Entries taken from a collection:
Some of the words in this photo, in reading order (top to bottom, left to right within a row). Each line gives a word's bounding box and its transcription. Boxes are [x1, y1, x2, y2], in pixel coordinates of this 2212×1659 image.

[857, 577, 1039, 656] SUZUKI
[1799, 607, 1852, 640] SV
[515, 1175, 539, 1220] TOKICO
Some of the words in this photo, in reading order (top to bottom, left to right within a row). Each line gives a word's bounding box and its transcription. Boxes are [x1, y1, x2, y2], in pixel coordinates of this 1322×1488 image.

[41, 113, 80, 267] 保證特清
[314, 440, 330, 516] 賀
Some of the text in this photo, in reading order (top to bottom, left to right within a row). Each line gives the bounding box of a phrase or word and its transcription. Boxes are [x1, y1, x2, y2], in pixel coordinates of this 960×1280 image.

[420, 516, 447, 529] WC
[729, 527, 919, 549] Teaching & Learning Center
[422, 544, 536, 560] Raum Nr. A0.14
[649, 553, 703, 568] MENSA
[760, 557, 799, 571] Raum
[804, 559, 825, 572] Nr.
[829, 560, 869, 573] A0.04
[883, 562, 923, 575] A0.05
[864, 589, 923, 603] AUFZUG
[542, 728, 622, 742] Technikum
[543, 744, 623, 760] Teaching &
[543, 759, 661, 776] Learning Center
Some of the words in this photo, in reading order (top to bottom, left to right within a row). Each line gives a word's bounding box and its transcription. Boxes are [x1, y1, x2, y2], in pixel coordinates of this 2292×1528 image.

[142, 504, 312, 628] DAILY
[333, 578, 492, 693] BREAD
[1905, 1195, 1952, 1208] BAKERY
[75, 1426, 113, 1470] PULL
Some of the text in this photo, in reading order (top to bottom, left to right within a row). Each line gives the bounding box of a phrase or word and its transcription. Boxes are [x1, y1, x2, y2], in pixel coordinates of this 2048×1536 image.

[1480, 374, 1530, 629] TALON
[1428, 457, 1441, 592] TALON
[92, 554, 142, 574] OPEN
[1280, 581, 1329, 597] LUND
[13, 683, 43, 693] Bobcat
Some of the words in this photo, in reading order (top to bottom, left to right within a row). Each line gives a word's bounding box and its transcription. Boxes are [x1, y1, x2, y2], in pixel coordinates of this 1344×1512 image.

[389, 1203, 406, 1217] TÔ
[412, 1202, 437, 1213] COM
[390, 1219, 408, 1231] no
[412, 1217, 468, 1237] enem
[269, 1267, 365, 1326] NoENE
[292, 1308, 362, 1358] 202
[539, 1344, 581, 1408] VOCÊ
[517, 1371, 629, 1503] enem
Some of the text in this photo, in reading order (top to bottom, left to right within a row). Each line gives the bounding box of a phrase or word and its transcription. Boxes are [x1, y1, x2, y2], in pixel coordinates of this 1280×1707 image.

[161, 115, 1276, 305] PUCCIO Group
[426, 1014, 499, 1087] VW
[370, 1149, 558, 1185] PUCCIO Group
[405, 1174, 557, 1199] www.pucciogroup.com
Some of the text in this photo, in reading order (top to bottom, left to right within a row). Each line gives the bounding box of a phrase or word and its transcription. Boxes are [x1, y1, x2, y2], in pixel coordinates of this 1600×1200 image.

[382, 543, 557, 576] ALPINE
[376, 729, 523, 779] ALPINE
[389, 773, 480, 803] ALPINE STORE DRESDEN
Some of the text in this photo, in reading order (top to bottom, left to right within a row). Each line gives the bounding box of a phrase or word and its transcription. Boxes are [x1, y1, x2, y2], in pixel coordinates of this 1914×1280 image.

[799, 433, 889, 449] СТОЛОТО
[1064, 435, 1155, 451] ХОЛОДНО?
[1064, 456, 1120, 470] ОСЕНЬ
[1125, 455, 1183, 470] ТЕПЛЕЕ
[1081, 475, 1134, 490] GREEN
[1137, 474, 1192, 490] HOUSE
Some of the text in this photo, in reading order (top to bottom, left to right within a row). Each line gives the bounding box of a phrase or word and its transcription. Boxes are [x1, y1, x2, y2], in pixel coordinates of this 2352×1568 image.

About this task
Repeat each entry above exactly as shown.

Solution to the problem
Some of the words in this photo, in reading order (top to bottom, left to right within a row). Each line gives a word's bounding box and its transcription. Boxes are [x1, y1, x2, y2], in pixel coordinates of this 2212×1659 image.

[857, 577, 1039, 656] SUZUKI
[1799, 607, 1852, 640] SV
[515, 1175, 539, 1220] TOKICO
Some of the words in this photo, in reading order (top to bottom, left to right within a row). Each line gives a word's bounding box and its transcription. Boxes are [x1, y1, x2, y2], in pixel coordinates of this 1322×1488 image.

[41, 113, 80, 267] 保證特清
[314, 440, 330, 516] 賀
Some of the text in this photo, in reading order (top to bottom, left to right within a row). Each line gives the bounding box of a phrase or word and its transcription. Boxes are [x1, y1, x2, y2], in pixel coordinates of this 960×1280 image.

[420, 516, 447, 529] WC
[729, 527, 919, 549] Teaching & Learning Center
[422, 544, 536, 560] Raum Nr. A0.14
[649, 553, 703, 568] MENSA
[760, 557, 799, 571] Raum
[804, 559, 825, 572] Nr.
[829, 560, 869, 573] A0.04
[883, 562, 923, 575] A0.05
[864, 589, 923, 603] AUFZUG
[542, 728, 622, 742] Technikum
[543, 744, 623, 760] Teaching &
[543, 759, 661, 776] Learning Center
Some of the words in this photo, in reading order (top to bottom, left to right within a row). Each line gives a word's bounding box and its transcription. Boxes are [x1, y1, x2, y2], in pixel coordinates of this 2292×1528 image.

[142, 504, 312, 628] DAILY
[333, 578, 492, 693] BREAD
[1905, 1195, 1952, 1208] BAKERY
[75, 1426, 113, 1470] PULL
Some of the text in this photo, in reading order (top to bottom, left to right within a row). Each line gives the bounding box of a phrase or word and its transcription. Boxes are [x1, y1, x2, y2], in pixel coordinates of this 2048×1536 image.

[1480, 374, 1530, 629] TALON
[1428, 457, 1441, 592] TALON
[92, 554, 142, 574] OPEN
[1280, 581, 1329, 597] LUND
[13, 683, 43, 693] Bobcat
Some of the words in this photo, in reading order (top to bottom, left to right within a row). Each line gives a word's bounding box and its transcription. Boxes are [x1, y1, x2, y2], in pixel coordinates of this 1344×1512 image.

[389, 1203, 406, 1217] TÔ
[412, 1202, 437, 1213] COM
[390, 1219, 408, 1231] no
[412, 1217, 468, 1237] enem
[269, 1267, 365, 1326] NoENE
[292, 1308, 362, 1358] 202
[539, 1344, 581, 1408] VOCÊ
[517, 1371, 629, 1503] enem
Some of the text in this photo, in reading order (top to bottom, left to right within a row). Each line gives the bounding box of a phrase or word and its transcription. Boxes are [x1, y1, x2, y2], in pixel coordinates of this 1280×1707 image.

[161, 115, 1276, 305] PUCCIO Group
[426, 1014, 499, 1087] VW
[370, 1149, 558, 1185] PUCCIO Group
[405, 1174, 557, 1199] www.pucciogroup.com
Some of the text in this photo, in reading order (top to bottom, left to right within a row). Each line gives the bounding box of a phrase or word and its transcription. Boxes are [x1, y1, x2, y2], in pixel coordinates of this 1600×1200 image.

[382, 543, 557, 576] ALPINE
[376, 729, 523, 779] ALPINE
[389, 773, 480, 803] ALPINE STORE DRESDEN
Some of the text in this photo, in reading order (top to bottom, left to right within a row). Each line gives the bounding box of a phrase or word and its transcription. Boxes are [x1, y1, x2, y2], in pixel coordinates of this 1914×1280 image.

[799, 433, 889, 449] СТОЛОТО
[1064, 435, 1155, 451] ХОЛОДНО?
[1064, 456, 1120, 470] ОСЕНЬ
[1125, 455, 1183, 470] ТЕПЛЕЕ
[1081, 475, 1134, 490] GREEN
[1137, 474, 1192, 490] HOUSE
Some of the text in this photo, in reading order (top to bottom, left to right within a row). Each line gives the bounding box of a phrase or word and its transcription. Boxes are [x1, y1, x2, y2], in pixel coordinates of this 2352×1568 image.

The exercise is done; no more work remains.